'''

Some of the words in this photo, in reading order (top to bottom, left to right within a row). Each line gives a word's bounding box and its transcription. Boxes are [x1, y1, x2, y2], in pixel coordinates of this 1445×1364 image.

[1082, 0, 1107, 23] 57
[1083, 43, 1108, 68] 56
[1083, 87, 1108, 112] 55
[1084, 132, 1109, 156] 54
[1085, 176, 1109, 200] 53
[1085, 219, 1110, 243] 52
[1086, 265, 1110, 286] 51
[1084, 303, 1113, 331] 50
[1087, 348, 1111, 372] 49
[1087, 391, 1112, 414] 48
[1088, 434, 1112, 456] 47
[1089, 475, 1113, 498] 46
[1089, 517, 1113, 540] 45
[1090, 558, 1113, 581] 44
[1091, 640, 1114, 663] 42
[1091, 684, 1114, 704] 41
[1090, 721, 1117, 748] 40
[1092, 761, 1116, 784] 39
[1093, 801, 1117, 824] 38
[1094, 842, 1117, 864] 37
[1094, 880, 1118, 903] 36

'''

Exercise instructions: The records above should be given again in full, exactly as written.

Final answer:
Some of the words in this photo, in reading order (top to bottom, left to right within a row). Each line gives a word's bounding box and its transcription. Boxes are [x1, y1, x2, y2], in pixel coordinates of this 1445×1364 image.

[1082, 0, 1107, 23] 57
[1083, 43, 1108, 68] 56
[1083, 87, 1108, 112] 55
[1084, 132, 1109, 156] 54
[1085, 176, 1109, 200] 53
[1085, 219, 1110, 243] 52
[1086, 265, 1110, 286] 51
[1084, 303, 1113, 331] 50
[1087, 348, 1111, 372] 49
[1087, 391, 1112, 414] 48
[1088, 434, 1112, 456] 47
[1089, 475, 1113, 498] 46
[1089, 517, 1113, 540] 45
[1090, 558, 1113, 581] 44
[1091, 640, 1114, 663] 42
[1091, 684, 1114, 704] 41
[1090, 721, 1117, 748] 40
[1092, 761, 1116, 784] 39
[1093, 801, 1117, 824] 38
[1094, 842, 1117, 864] 37
[1094, 880, 1118, 903] 36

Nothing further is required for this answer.